Enterococcus faecium NKR-5-3 produces multiple-bacteriocins, enterocins NKR-5-3A, B, C, D, and Z (Ent53A, Ent53B, Ent53C, Ent53D, and Ent53Z). However, the biosynthetic mechanisms on how their productions are regulated are yet to be fully understood. In silico analysis revealed putative promoters and terminators in the enterocin NKR-5-3ACDZ gene cluster, and the putative direct repeats (5′-ATTTTAGGATA-3′) were conserved upstream of each promoter. Transcriptional analysis by quantitative real-time polymerase chain reaction (PCR) of the biosynthetic genes for the enterocins NKR-5-3 suggested that an inducing peptide (Ent53D) regulates the transcription of the structure genes and corresponding biosynthetic genes of enterocins NKR-5-3, except for Ent53B (a circular bacteriocin), thus consequently regulating their production.
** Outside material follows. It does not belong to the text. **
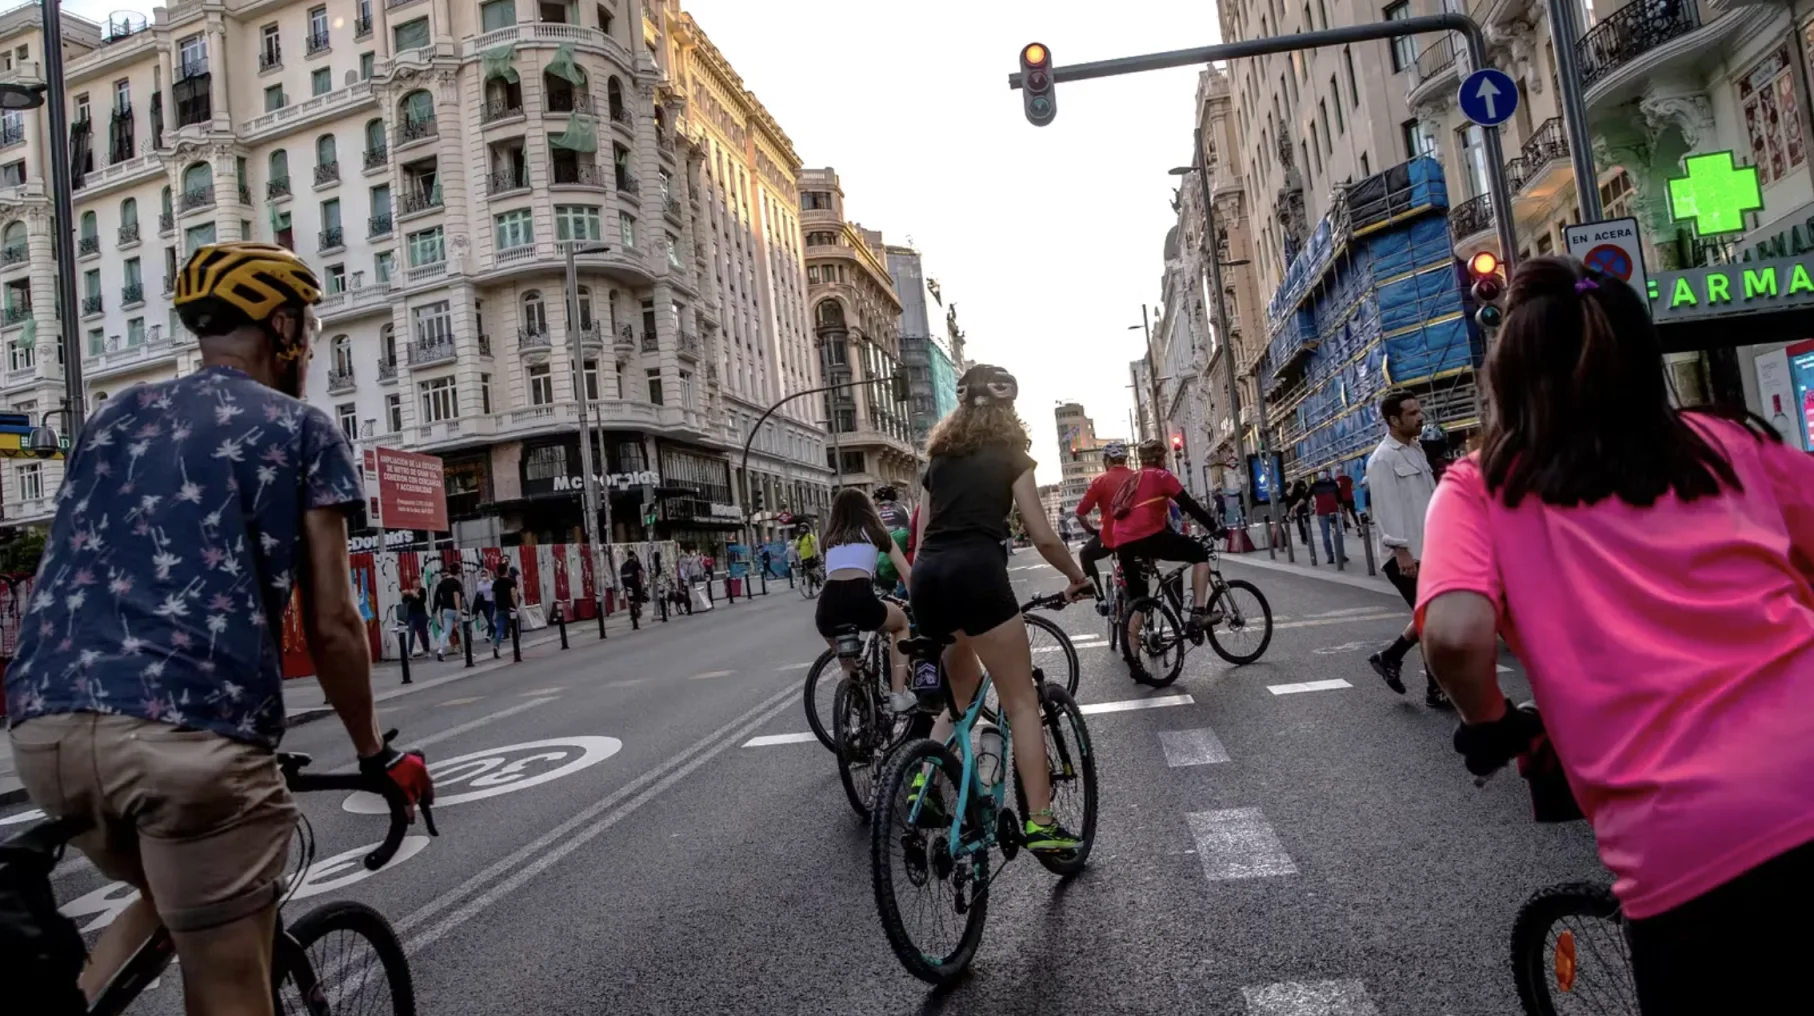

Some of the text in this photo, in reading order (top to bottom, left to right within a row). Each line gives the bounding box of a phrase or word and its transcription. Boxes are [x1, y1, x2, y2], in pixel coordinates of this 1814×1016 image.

[1572, 228, 1633, 245] EN ACERA
[553, 470, 660, 491] Mconald's
Moreover, transcriptional analysis of some knock-out mutants showed that the production of Ent53A, C, D and Z is controlled by a three-component regulatory system (TCS) consisting of Ent53D, EnkR (response regulator), and EnkK (histidine kinase). The production of the circular bacteriocin Ent53B appeared to be independent from this TCS. Nevertheless, disrupting the TCS by deletion of a single component ( enkD, enkR and enkK ) resulted in a slight increase of enkB transcription and consequently the production of Ent53B, presumably, as an indirect consequence of the increase of available energy to the strain NKR-5-3. Here, we demonstrate the regulatory control of the multiple bacteriocin production of strain NKR-5-3 likely through the TCS consisting of Ent53D, EnkR, and EnkK. The information of the sharing of the regulatory machinery between bacteriocins in strain NKR-5-3 can be useful in its future application such as designing strategies to effectively dispense its multiple bacteriocin arsenal.